В десятом часу все успокоились. Казалось, все спали. Мадам Фрон, обойдя в последний раз свое, как ей казалось, безмолвное, сонное царство, ушла в свою комнату.

В комнате, где лежала Катя, было совершенно тихо, только время от времени слышались шаги мадам Фрон, осторожно, в мягких туфлях проходившей по спальне. Катя лежала с закрытыми глазами, но не спала. Тяжелые, беспокойные мысли назойливо лезли ей в голову. От этих мыслей она чувствовала томительную боль под ложечкой и то неприятное ощущение, которое она называла замиранием сердца.

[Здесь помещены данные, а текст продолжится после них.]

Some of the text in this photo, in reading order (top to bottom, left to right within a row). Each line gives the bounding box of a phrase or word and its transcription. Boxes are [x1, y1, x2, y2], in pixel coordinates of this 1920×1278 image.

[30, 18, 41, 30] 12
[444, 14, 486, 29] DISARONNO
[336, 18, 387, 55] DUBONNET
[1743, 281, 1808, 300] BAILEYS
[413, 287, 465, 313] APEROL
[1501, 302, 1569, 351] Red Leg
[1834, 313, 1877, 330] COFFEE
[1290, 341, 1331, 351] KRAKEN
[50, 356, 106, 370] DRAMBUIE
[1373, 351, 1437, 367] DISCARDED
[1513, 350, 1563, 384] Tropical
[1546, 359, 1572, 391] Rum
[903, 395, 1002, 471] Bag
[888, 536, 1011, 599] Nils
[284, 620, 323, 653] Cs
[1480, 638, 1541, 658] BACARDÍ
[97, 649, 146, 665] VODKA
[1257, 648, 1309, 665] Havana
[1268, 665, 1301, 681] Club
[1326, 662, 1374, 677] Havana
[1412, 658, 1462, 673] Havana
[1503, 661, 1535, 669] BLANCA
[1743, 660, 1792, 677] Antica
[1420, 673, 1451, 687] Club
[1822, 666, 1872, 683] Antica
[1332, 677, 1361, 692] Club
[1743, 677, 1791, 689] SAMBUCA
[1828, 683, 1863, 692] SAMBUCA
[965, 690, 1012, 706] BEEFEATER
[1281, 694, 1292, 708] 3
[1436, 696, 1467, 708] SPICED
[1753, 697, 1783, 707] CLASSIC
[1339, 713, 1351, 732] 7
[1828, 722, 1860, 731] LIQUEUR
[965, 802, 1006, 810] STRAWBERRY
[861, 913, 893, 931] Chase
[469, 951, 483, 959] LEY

«Господи! Уж не с мамой ли что-нибудь! — думала она. — Что если она опять заболела? Мариша не услышит. Она никогда не слышит. Вдруг с ней повторится припадок, а она одна, совсем одна. Не может же Александра Семеновна не спать ночью. Господи! Если бы только хоть взглянуть на нее. Бедная мамочка!»

И Катя крестилась и молилась о матери, а боль под ложечкой и томление в сердце не унимались. «Если б уснуть только! Завтра, может быть, мама сама приедет. Александра Семеновна обещала ее привезти… Лучше не думать», — говорила себе Катя… И она лежала, решив ни о чем не думать…

«Варя! — вдруг мелькало у нее в уме, и беспокойство, или, вернее, то неприятное томление, которое часто объясняют себе предчувствием чего-нибудь недоброго, усиливалось. — Может быть, Варя упала с кровати, испугалась или расшиблась… Плачет теперь… Или девочки ее обидели. Они все уже большие. Маленьких здесь почти совсем нет. Как ей, бедной, теперь страшно, если она тоже не спит!.. Нет, верно, с ними спит горничная, ведь нельзя же их одних оставлять… И здесь, у нас в комнате, конечно, есть горничная. Мало ли что может понадобиться…»

Катя открыла глаза, осторожно приподняла голову и повернула ее в ту сторону, где стояла кровать Нади Вязниной.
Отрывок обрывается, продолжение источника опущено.